A personagem individual e imponente, que os romanticos figuravam em si mesmos, varias vezes, em sonho, a tentei viver, e, tantas vezes, quantas a tentei viver, me encontrei a rir alto, da minha idéa de vivel-a. O homem fatal, afinal, existe nos sonhos proprios de todos os homens vulgares, e o romantismo não é senão o virar do avesso do dominio quotidiano de nós mesmos. Quasi todos os homens sonham, nos secretos do seu ser, um grande imperialismo seu, a sujeição de todos os homens, a entrega de todas as mulheres, a adoração dos povos, e, nos mais pobres, de todas [as] eras... Poucos /são/ como eu habituados ao sonho, são porisso lucidos bastante para rir da possibilidade esthetica de se sonhar assim.

A maior accusação ao romantismo não se fez ainda: é a de que elle representa a verdade interior da natureza humana. Os seus exaggeros, os seus ridiculos, os seus poderes varios de commover e de seduzir, residem em que elle é a figuração exterior do que ha mais dentro na alma, mas concreto, visualizado, até possivel, se o ser possivel dependesse de outra coisa que não o Destino.

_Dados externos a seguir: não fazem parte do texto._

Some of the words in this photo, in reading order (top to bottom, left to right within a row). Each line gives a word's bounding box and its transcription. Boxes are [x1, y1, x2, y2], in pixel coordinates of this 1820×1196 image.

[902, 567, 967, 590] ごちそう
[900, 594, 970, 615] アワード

Quantas vezes eu mesmo, que rio de taes seducções da distracção, me encontro suppondo que seria calmo ser rico, que seria agradavel ser ameigado, que seria colorido ser triumphal! Mas não consigo visionar-me nesses papeis de pincaro senão com uma gargalhada do outro eu que tenho sempre proximo como uma rua da Baixa. Vejo-me celebre? Mas vejo-me celebre como guarda-livros. Sinto-me alçado aos thronos do ser conhecido? Mas o caso passa-se no escriptorio da Rua dos Douradores e os rapazes são um obstaculo. Ouço-me applaudido por multidões variegadas? O applauso chega ao quarto andar onde moro e collide com a mobilia tosca do meu quarto barato, com o reles que me rodeia, e me amesquinha desde a cosinha ao sonho. Não tive sequer castellos em Hespanha, como os grandes hespanhoes de todas as illusões. Os meus foram de cartas de jogar, velhas, sujas, de um baralho incompleto com que se não poderia jogar mais; nem chairam, foi preciso destruil-os, com um gesto de mão, sob o impulso impaciente da creada velha, que queria recompor sobre a mesa inteira, a toalha atirada sobre a metade de lá, porque a hora do chá soara como uma maldição do Destino. Mas até isto é uma visão improficua, pois não tenho a casa de provincia, ou as tias velhas, a cuja mesa eu tome, no fim de uma noite de famillia, um chá que me saiba a repouso. O meu sonho falhou até nas metaphoras e nas figurações. O meu imperio nem chegou ás cartas velhas de jogar. A minha victoria nem chegou a um bule, nem ao gato eterno das noites. Morrerei como tenho vivido, entre o bric-à-brac dos arredores, apreçado pelo peso entre os postscriptos do perdido.

Leve eu ao menos, para o immenso possivel do abysmo de tudo, a gloria da minha desillusão como se fosse a de um grande sonho, o esplendor de não crer como um pendão de derrota — pendão comtudo nas mãos debeis, mas pendão arrastrado entre a lama e o sangue dos fracos... Mas erguido ao alto, ao sumirmo-nos nas areias movediças, ninguem sabe se como protesto, se como desafio, se como gesto de desespero... Ninguem sabe, porque ninguem sabe nada, e as areias engolfam os que teem pendões como os que não teem... E as areias cobrem tudo, a minha vida, a minha prosa, a minha eternidade.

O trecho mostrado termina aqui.